*** Opening of DATASET RECORDS ***

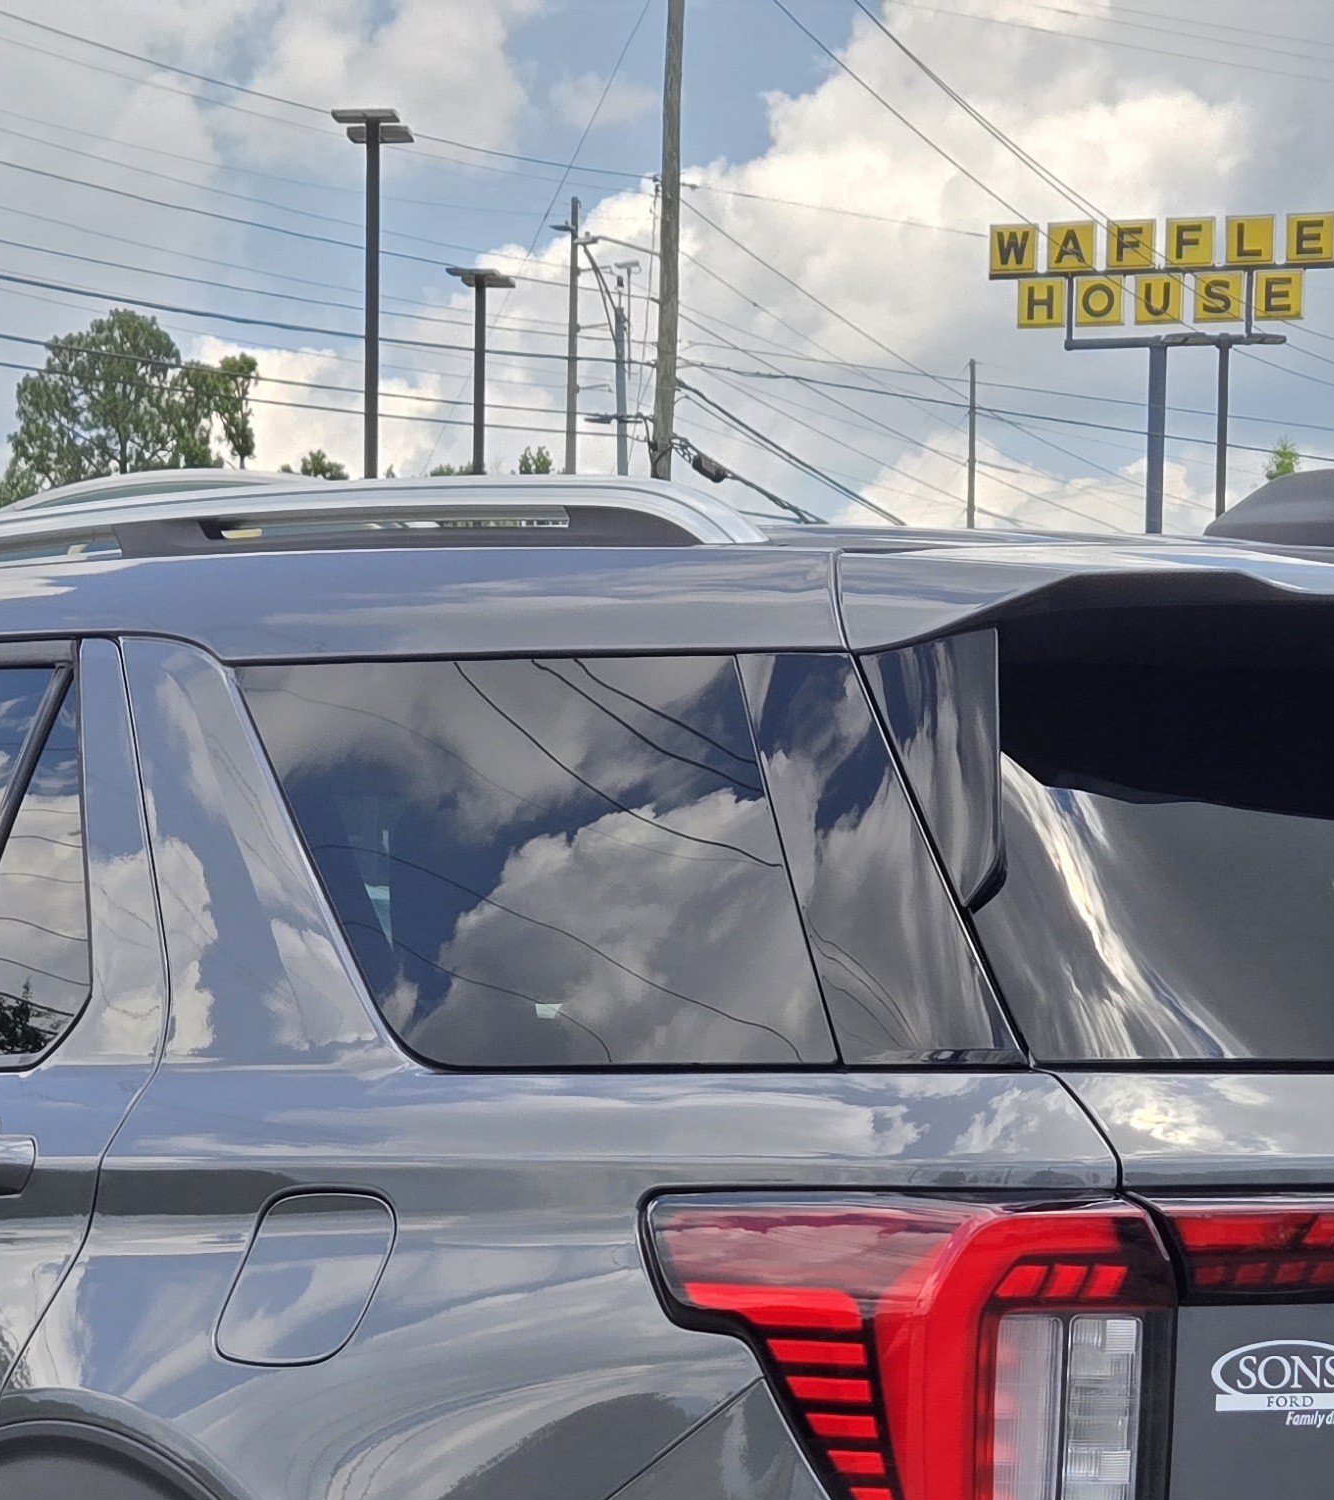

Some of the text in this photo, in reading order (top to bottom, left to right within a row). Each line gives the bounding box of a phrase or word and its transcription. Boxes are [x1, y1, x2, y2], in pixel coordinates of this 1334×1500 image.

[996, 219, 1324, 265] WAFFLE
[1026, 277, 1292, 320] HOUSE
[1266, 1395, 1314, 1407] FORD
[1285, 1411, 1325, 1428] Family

*** Close of DATASET RECORDS ***

(TASK ITEM) Could you output all of the entries above exactly? Leave the pictures out.

(RESULT OF THE EXERCISE)
Some of the text in this photo, in reading order (top to bottom, left to right within a row). Each line gives the bounding box of a phrase or word and its transcription. Boxes are [x1, y1, x2, y2], in pixel coordinates of this 1334×1500 image.

[996, 219, 1324, 265] WAFFLE
[1026, 277, 1292, 320] HOUSE
[1266, 1395, 1314, 1407] FORD
[1285, 1411, 1325, 1428] Family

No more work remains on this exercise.